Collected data
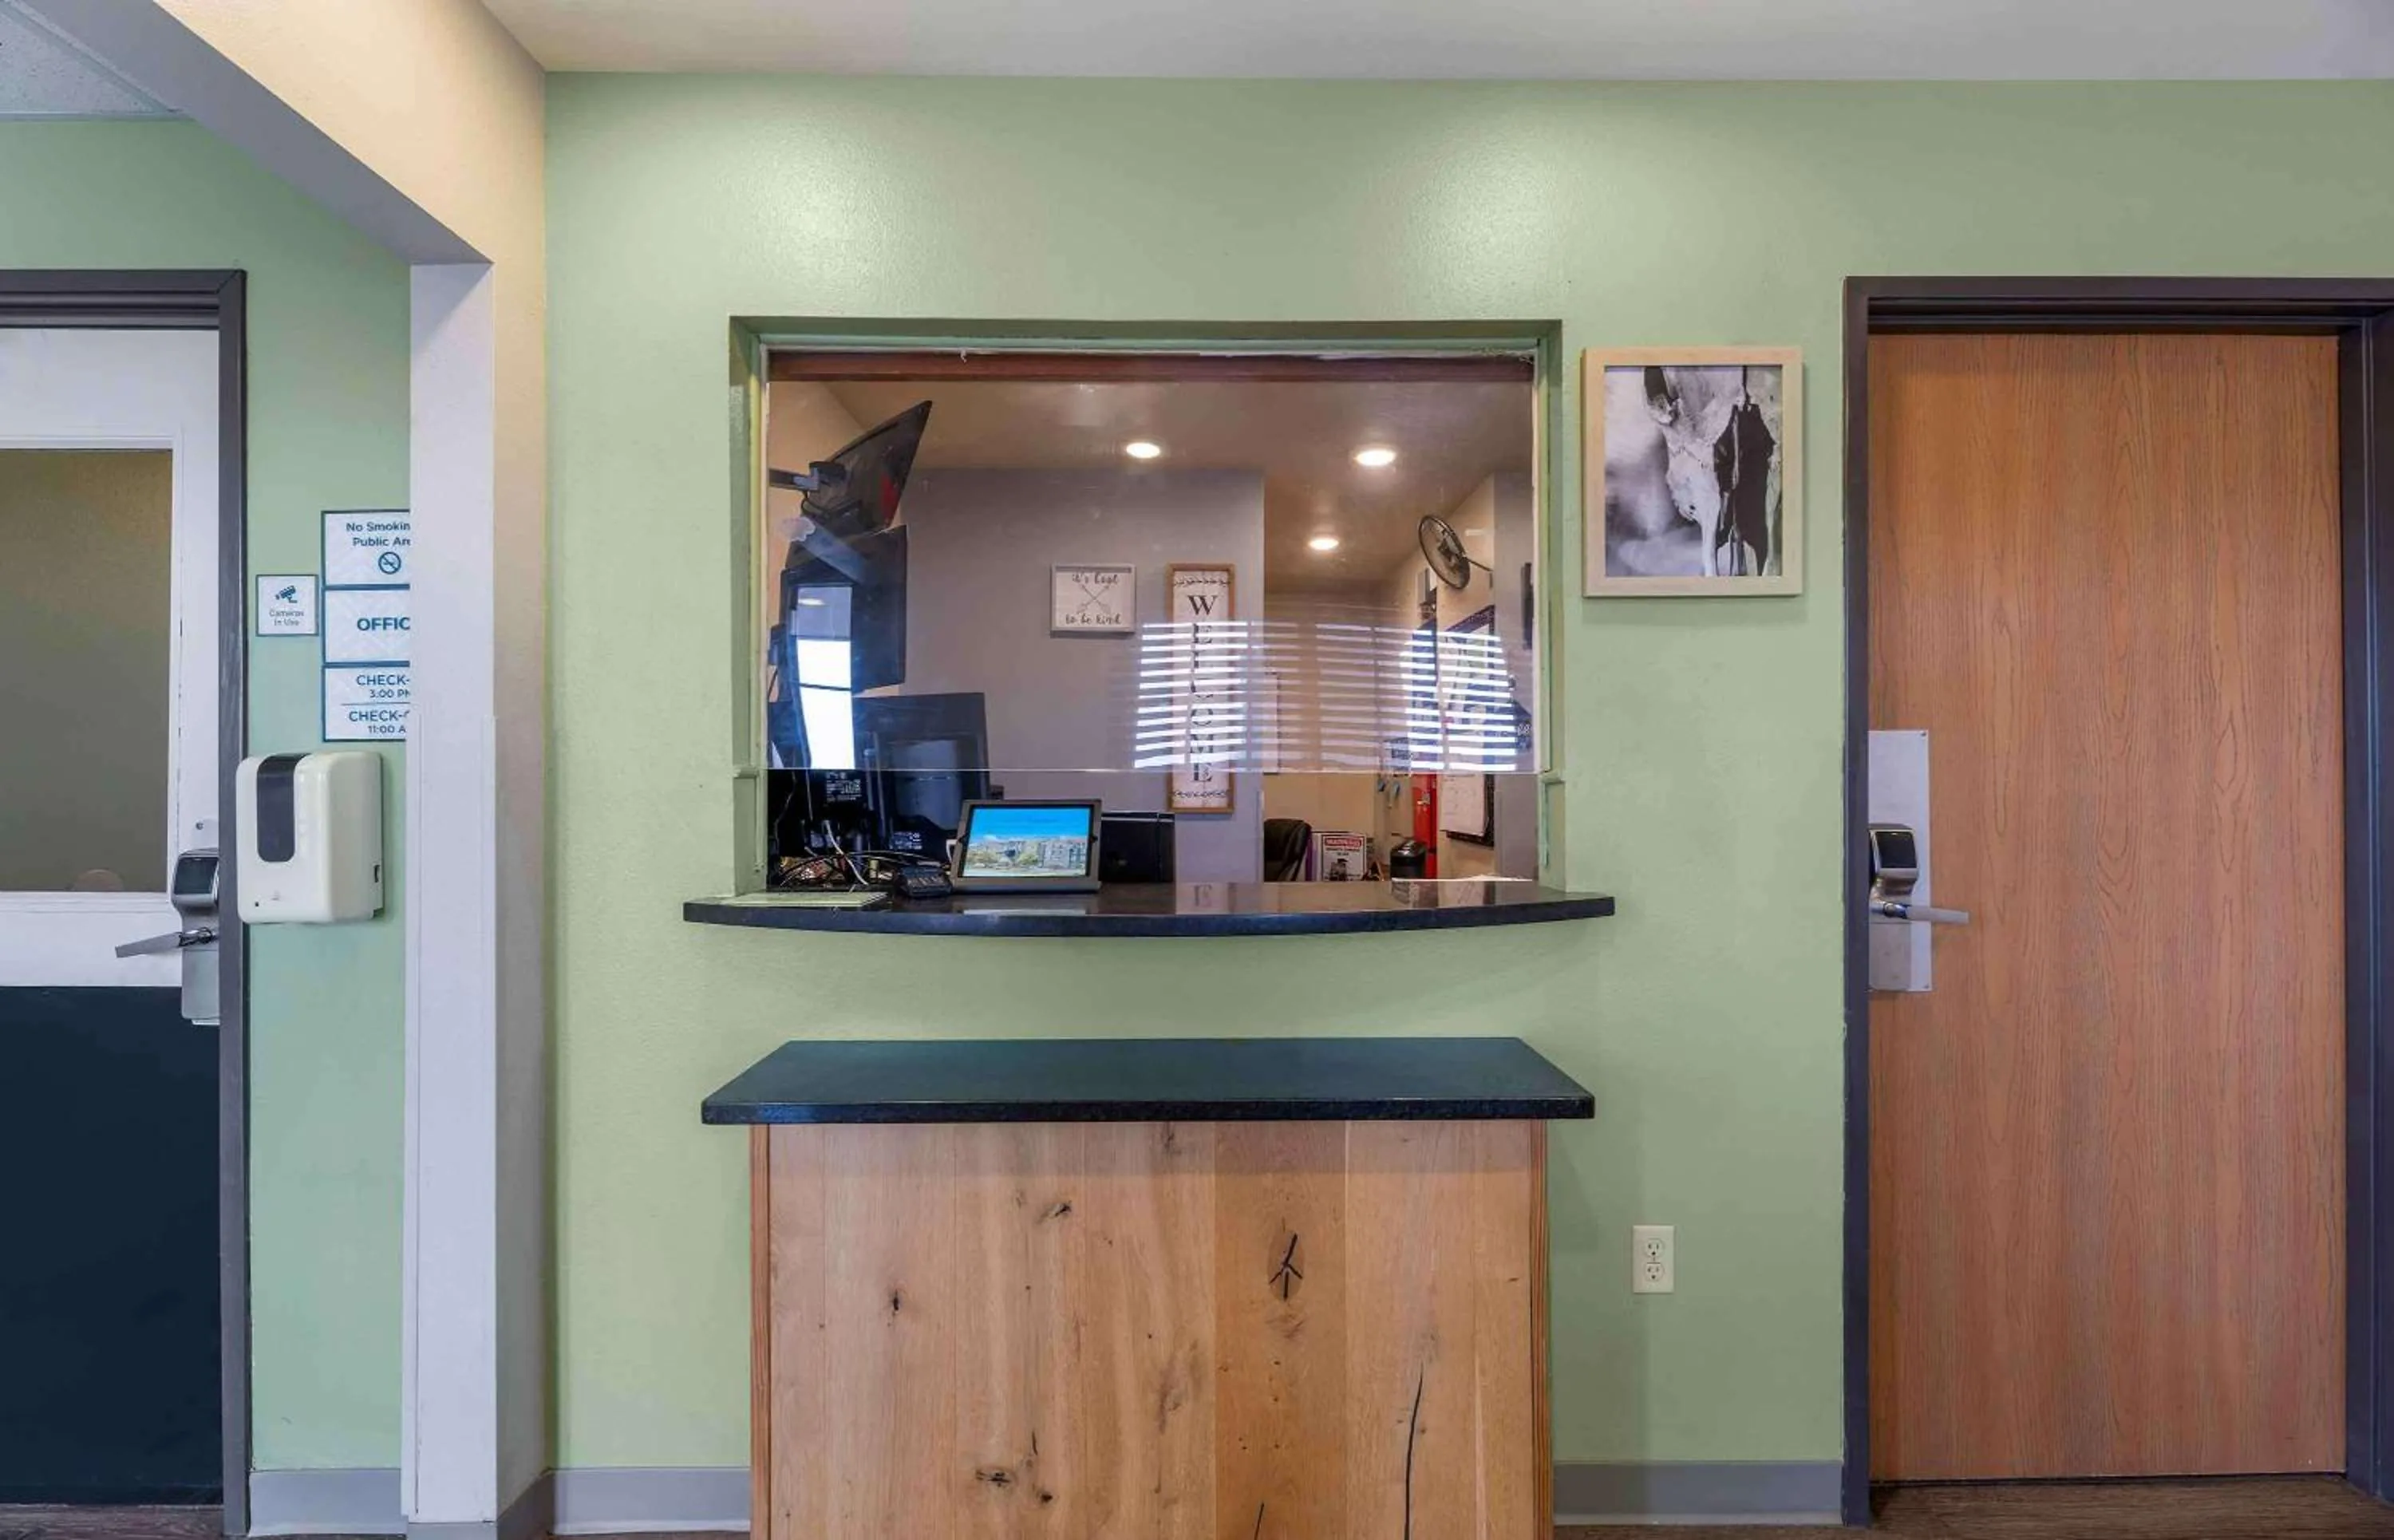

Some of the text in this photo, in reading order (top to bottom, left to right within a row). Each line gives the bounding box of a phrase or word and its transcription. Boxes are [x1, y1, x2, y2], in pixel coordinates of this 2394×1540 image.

[346, 522, 411, 531] No Smokin
[353, 536, 389, 547] Public
[358, 617, 411, 630] OFFIC
[356, 674, 410, 685] CHECK-
[369, 689, 395, 698] 3:00
[1187, 595, 1218, 782] WELCOME
[368, 725, 406, 734] 11:00 A
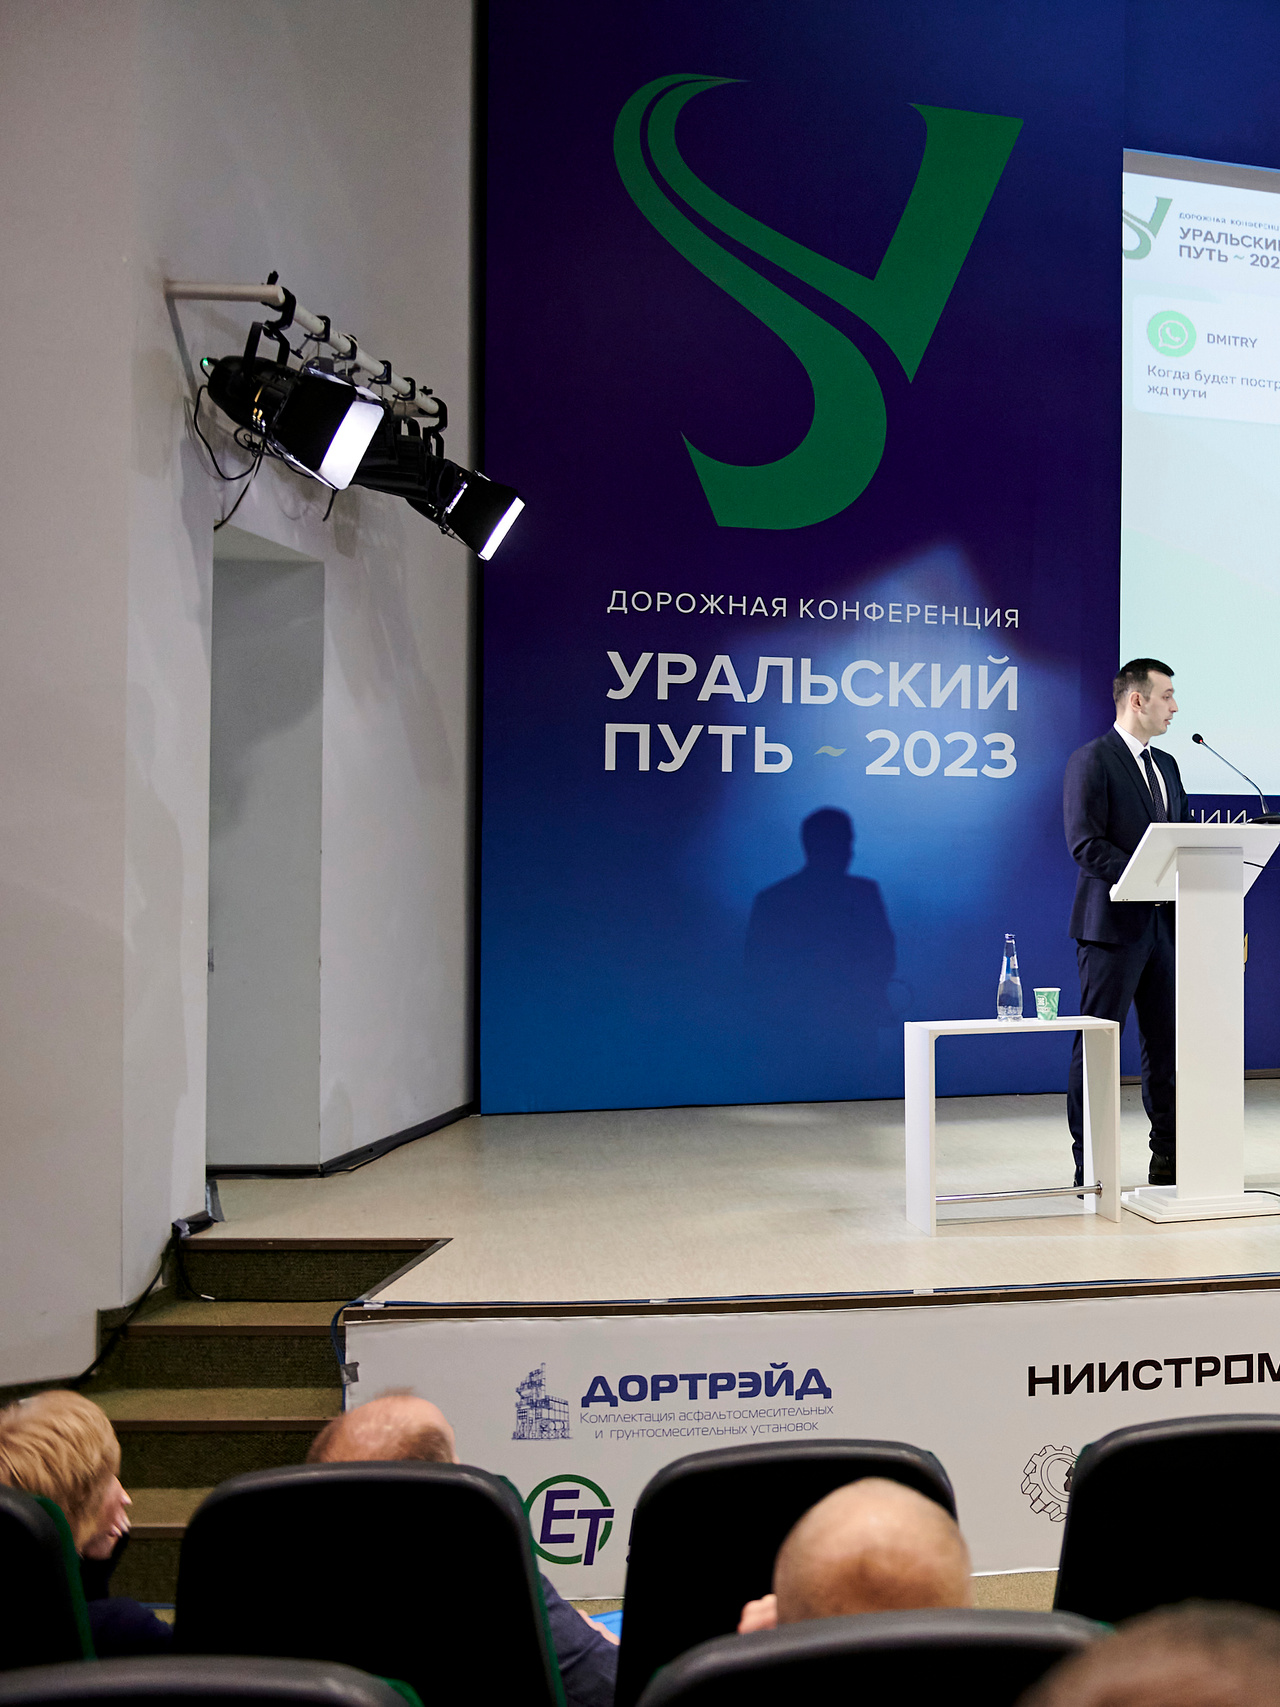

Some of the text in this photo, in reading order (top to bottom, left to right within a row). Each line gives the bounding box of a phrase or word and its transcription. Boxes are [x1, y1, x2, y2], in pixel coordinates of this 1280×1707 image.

[1179, 244, 1228, 263] ПУТЬ
[1206, 333, 1258, 348] DMITRY
[1147, 364, 1190, 381] Когда
[1194, 369, 1237, 385] будет
[1147, 384, 1207, 399] жд пути
[606, 589, 1020, 630] ДОРОЖНАЯ КОНФЕРЕНЦИЯ
[605, 650, 1019, 711] УРАЛЬСКИЙ
[604, 722, 794, 774] ПУТЬ
[865, 728, 1018, 779] 2023
[580, 1361, 833, 1408] ДОРТРЭЙД
[579, 1404, 834, 1424] Комплектация асфальтосмесительных
[594, 1421, 819, 1441] и грунтосмесительных установок

* **Required action**
The entries are to be transcribed in full. Their pictures are not.

* **Task response**
Some of the text in this photo, in reading order (top to bottom, left to right within a row). Each line gives the bounding box of a phrase or word and its transcription. Boxes are [x1, y1, x2, y2], in pixel coordinates of this 2394×1540 image.

[346, 522, 411, 531] No Smokin
[353, 536, 389, 547] Public
[358, 617, 411, 630] OFFIC
[356, 674, 410, 685] CHECK-
[369, 689, 395, 698] 3:00
[1187, 595, 1218, 782] WELCOME
[368, 725, 406, 734] 11:00 A

Some of the text in this photo, in reading order (top to bottom, left to right within a row). Each line gives the bounding box of a phrase or word and its transcription. Boxes are [x1, y1, x2, y2], in pixel coordinates of this 1280×1707 image.

[1179, 244, 1228, 263] ПУТЬ
[1206, 333, 1258, 348] DMITRY
[1147, 364, 1190, 381] Когда
[1194, 369, 1237, 385] будет
[1147, 384, 1207, 399] жд пути
[606, 589, 1020, 630] ДОРОЖНАЯ КОНФЕРЕНЦИЯ
[605, 650, 1019, 711] УРАЛЬСКИЙ
[604, 722, 794, 774] ПУТЬ
[865, 728, 1018, 779] 2023
[580, 1361, 833, 1408] ДОРТРЭЙД
[579, 1404, 834, 1424] Комплектация асфальтосмесительных
[594, 1421, 819, 1441] и грунтосмесительных установок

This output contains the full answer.